Stored entries:
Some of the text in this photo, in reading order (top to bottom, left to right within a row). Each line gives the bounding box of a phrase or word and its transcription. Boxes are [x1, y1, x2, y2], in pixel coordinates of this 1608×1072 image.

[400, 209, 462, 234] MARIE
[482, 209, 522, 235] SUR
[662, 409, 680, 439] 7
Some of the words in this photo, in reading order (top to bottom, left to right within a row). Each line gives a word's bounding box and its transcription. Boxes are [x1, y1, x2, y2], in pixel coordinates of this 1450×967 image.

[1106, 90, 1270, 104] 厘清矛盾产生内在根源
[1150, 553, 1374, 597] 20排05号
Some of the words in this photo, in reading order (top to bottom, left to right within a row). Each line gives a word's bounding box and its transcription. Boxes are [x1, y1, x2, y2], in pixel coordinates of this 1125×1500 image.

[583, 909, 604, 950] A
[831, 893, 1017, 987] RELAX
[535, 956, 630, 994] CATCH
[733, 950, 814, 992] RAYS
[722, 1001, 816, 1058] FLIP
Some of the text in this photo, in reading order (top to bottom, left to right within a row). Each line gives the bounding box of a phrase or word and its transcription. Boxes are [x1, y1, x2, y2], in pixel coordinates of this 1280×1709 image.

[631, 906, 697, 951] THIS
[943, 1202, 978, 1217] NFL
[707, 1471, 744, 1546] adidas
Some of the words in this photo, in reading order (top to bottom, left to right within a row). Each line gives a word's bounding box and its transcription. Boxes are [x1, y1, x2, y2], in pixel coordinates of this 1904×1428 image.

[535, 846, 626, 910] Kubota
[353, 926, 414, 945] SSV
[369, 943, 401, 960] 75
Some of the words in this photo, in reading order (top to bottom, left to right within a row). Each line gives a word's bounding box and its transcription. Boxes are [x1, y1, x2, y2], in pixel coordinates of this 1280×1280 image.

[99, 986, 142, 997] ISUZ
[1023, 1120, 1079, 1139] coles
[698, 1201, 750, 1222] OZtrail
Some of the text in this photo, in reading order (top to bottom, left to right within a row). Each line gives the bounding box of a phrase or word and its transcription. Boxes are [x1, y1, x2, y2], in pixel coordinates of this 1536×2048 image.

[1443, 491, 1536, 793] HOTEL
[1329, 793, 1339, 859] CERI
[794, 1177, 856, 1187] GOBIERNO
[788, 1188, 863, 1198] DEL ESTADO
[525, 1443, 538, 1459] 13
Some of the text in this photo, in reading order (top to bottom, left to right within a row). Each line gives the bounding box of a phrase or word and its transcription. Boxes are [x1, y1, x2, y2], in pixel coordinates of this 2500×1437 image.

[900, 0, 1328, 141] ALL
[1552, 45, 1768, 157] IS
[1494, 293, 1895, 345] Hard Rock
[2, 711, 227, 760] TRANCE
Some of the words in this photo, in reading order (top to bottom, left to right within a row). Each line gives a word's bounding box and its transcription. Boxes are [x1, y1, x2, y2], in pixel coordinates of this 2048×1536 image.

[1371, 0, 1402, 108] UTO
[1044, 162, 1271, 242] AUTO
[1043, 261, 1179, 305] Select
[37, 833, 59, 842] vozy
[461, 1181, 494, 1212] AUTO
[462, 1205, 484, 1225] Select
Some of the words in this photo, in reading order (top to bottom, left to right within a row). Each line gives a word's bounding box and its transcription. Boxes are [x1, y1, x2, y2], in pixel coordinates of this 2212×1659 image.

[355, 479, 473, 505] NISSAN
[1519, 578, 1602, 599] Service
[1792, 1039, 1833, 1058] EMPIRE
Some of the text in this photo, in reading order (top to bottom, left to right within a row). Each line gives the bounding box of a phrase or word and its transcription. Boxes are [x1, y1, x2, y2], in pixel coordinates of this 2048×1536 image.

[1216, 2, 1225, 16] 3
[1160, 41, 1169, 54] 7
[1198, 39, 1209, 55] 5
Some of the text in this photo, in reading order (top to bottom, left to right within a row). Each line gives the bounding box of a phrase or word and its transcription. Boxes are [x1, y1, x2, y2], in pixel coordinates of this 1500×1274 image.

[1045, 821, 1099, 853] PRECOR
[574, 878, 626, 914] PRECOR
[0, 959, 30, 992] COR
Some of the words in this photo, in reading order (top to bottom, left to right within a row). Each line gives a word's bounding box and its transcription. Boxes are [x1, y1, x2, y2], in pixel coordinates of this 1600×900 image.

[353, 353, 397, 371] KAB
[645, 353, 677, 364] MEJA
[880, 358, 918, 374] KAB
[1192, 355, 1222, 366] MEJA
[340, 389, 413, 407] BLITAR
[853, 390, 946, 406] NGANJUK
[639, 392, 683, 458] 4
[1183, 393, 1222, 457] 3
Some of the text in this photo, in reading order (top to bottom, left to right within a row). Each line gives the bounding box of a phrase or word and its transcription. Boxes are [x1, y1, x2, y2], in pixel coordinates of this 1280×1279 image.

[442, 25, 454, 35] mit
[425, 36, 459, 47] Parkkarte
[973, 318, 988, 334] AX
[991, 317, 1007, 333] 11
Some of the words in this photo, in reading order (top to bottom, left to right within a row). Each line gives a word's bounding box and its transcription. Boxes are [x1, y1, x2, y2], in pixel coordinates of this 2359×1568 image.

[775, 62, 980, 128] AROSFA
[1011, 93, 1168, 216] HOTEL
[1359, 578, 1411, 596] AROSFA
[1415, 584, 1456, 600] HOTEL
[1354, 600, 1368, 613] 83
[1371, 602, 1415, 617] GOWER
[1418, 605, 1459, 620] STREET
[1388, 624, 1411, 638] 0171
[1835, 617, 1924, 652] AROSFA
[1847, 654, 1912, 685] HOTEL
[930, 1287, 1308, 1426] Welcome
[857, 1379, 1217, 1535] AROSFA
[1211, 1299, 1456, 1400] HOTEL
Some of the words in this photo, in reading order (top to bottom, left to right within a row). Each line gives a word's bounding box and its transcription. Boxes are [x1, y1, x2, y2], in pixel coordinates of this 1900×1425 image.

* WHAT THIS TASK INVOLVES:
The answer should contain every line of the data, unchanged.

* OUTPUT FOR THIS EXERCISE:
Some of the text in this photo, in reading order (top to bottom, left to right within a row). Each line gives the bounding box of a phrase or word and its transcription. Boxes are [x1, y1, x2, y2], in pixel coordinates of this 1608×1072 image.

[400, 209, 462, 234] MARIE
[482, 209, 522, 235] SUR
[662, 409, 680, 439] 7
Some of the words in this photo, in reading order (top to bottom, left to right within a row). Each line gives a word's bounding box and its transcription. Boxes are [x1, y1, x2, y2], in pixel coordinates of this 1450×967 image.

[1106, 90, 1270, 104] 厘清矛盾产生内在根源
[1150, 553, 1374, 597] 20排05号
Some of the words in this photo, in reading order (top to bottom, left to right within a row). Each line gives a word's bounding box and its transcription. Boxes are [x1, y1, x2, y2], in pixel coordinates of this 1125×1500 image.

[583, 909, 604, 950] A
[831, 893, 1017, 987] RELAX
[535, 956, 630, 994] CATCH
[733, 950, 814, 992] RAYS
[722, 1001, 816, 1058] FLIP
Some of the text in this photo, in reading order (top to bottom, left to right within a row). Each line gives the bounding box of a phrase or word and its transcription. Boxes are [x1, y1, x2, y2], in pixel coordinates of this 1280×1709 image.

[631, 906, 697, 951] THIS
[943, 1202, 978, 1217] NFL
[707, 1471, 744, 1546] adidas
Some of the words in this photo, in reading order (top to bottom, left to right within a row). Each line gives a word's bounding box and its transcription. Boxes are [x1, y1, x2, y2], in pixel coordinates of this 1904×1428 image.

[535, 846, 626, 910] Kubota
[353, 926, 414, 945] SSV
[369, 943, 401, 960] 75
Some of the words in this photo, in reading order (top to bottom, left to right within a row). Each line gives a word's bounding box and its transcription. Boxes are [x1, y1, x2, y2], in pixel coordinates of this 1280×1280 image.

[99, 986, 142, 997] ISUZ
[1023, 1120, 1079, 1139] coles
[698, 1201, 750, 1222] OZtrail
Some of the text in this photo, in reading order (top to bottom, left to right within a row). Each line gives the bounding box of a phrase or word and its transcription. Boxes are [x1, y1, x2, y2], in pixel coordinates of this 1536×2048 image.

[1443, 491, 1536, 793] HOTEL
[1329, 793, 1339, 859] CERI
[794, 1177, 856, 1187] GOBIERNO
[788, 1188, 863, 1198] DEL ESTADO
[525, 1443, 538, 1459] 13
Some of the text in this photo, in reading order (top to bottom, left to right within a row). Each line gives the bounding box of a phrase or word and its transcription. Boxes are [x1, y1, x2, y2], in pixel coordinates of this 2500×1437 image.

[900, 0, 1328, 141] ALL
[1552, 45, 1768, 157] IS
[1494, 293, 1895, 345] Hard Rock
[2, 711, 227, 760] TRANCE
Some of the words in this photo, in reading order (top to bottom, left to right within a row). Each line gives a word's bounding box and its transcription. Boxes are [x1, y1, x2, y2], in pixel coordinates of this 2048×1536 image.

[1371, 0, 1402, 108] UTO
[1044, 162, 1271, 242] AUTO
[1043, 261, 1179, 305] Select
[37, 833, 59, 842] vozy
[461, 1181, 494, 1212] AUTO
[462, 1205, 484, 1225] Select
Some of the words in this photo, in reading order (top to bottom, left to right within a row). Each line gives a word's bounding box and its transcription. Boxes are [x1, y1, x2, y2], in pixel coordinates of this 2212×1659 image.

[355, 479, 473, 505] NISSAN
[1519, 578, 1602, 599] Service
[1792, 1039, 1833, 1058] EMPIRE
Some of the text in this photo, in reading order (top to bottom, left to right within a row). Each line gives the bounding box of a phrase or word and its transcription. Boxes are [x1, y1, x2, y2], in pixel coordinates of this 2048×1536 image.

[1216, 2, 1225, 16] 3
[1160, 41, 1169, 54] 7
[1198, 39, 1209, 55] 5
Some of the text in this photo, in reading order (top to bottom, left to right within a row). Each line gives the bounding box of a phrase or word and its transcription. Boxes are [x1, y1, x2, y2], in pixel coordinates of this 1500×1274 image.

[1045, 821, 1099, 853] PRECOR
[574, 878, 626, 914] PRECOR
[0, 959, 30, 992] COR
Some of the words in this photo, in reading order (top to bottom, left to right within a row). Each line gives a word's bounding box and its transcription. Boxes are [x1, y1, x2, y2], in pixel coordinates of this 1600×900 image.

[353, 353, 397, 371] KAB
[645, 353, 677, 364] MEJA
[880, 358, 918, 374] KAB
[1192, 355, 1222, 366] MEJA
[340, 389, 413, 407] BLITAR
[853, 390, 946, 406] NGANJUK
[639, 392, 683, 458] 4
[1183, 393, 1222, 457] 3
Some of the text in this photo, in reading order (top to bottom, left to right within a row). Each line gives the bounding box of a phrase or word and its transcription. Boxes are [x1, y1, x2, y2], in pixel coordinates of this 1280×1279 image.

[442, 25, 454, 35] mit
[425, 36, 459, 47] Parkkarte
[973, 318, 988, 334] AX
[991, 317, 1007, 333] 11
Some of the words in this photo, in reading order (top to bottom, left to right within a row). Each line gives a word's bounding box and its transcription. Boxes are [x1, y1, x2, y2], in pixel coordinates of this 2359×1568 image.

[775, 62, 980, 128] AROSFA
[1011, 93, 1168, 216] HOTEL
[1359, 578, 1411, 596] AROSFA
[1415, 584, 1456, 600] HOTEL
[1354, 600, 1368, 613] 83
[1371, 602, 1415, 617] GOWER
[1418, 605, 1459, 620] STREET
[1388, 624, 1411, 638] 0171
[1835, 617, 1924, 652] AROSFA
[1847, 654, 1912, 685] HOTEL
[930, 1287, 1308, 1426] Welcome
[857, 1379, 1217, 1535] AROSFA
[1211, 1299, 1456, 1400] HOTEL
Some of the words in this photo, in reading order (top to bottom, left to right within a row). Each line gives a word's bounding box and its transcription. Boxes are [x1, y1, x2, y2], in pixel coordinates of this 1900×1425 image.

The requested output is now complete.